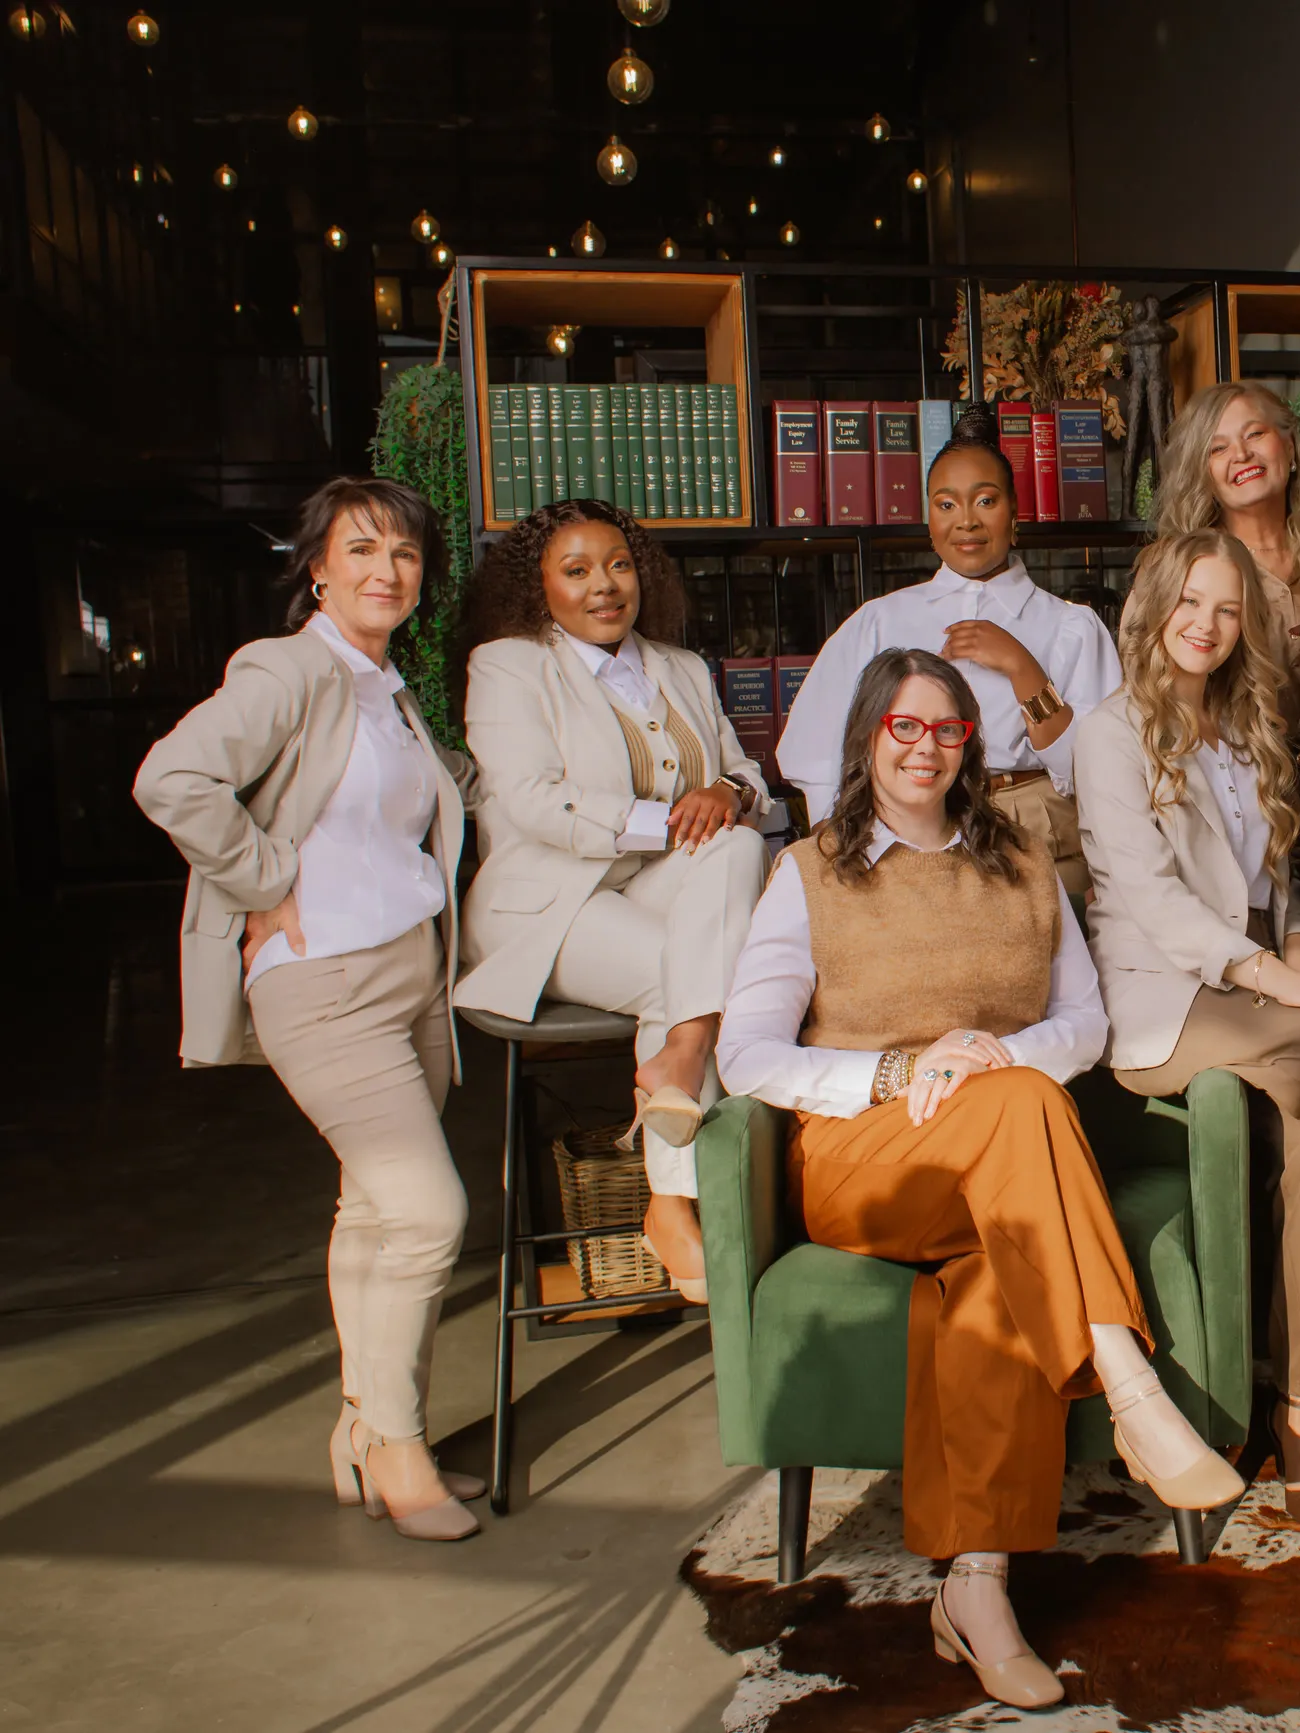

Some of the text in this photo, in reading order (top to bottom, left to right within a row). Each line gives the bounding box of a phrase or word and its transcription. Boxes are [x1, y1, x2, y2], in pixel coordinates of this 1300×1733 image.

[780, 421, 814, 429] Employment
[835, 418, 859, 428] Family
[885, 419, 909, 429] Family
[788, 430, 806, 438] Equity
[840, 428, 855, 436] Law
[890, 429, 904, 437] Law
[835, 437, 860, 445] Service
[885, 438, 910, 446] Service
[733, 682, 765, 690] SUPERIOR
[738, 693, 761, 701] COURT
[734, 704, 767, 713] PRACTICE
#####
▸ **YOUR GOAL**
Please repeat the listing precisely, excluding the pictures it contains.

▸ **EXERCISE OUTPUT**
Some of the text in this photo, in reading order (top to bottom, left to right within a row). Each line gives the bounding box of a phrase or word and its transcription. Boxes are [x1, y1, x2, y2], in pixel coordinates of this 1300×1733 image.

[780, 421, 814, 429] Employment
[835, 418, 859, 428] Family
[885, 419, 909, 429] Family
[788, 430, 806, 438] Equity
[840, 428, 855, 436] Law
[890, 429, 904, 437] Law
[835, 437, 860, 445] Service
[885, 438, 910, 446] Service
[733, 682, 765, 690] SUPERIOR
[738, 693, 761, 701] COURT
[734, 704, 767, 713] PRACTICE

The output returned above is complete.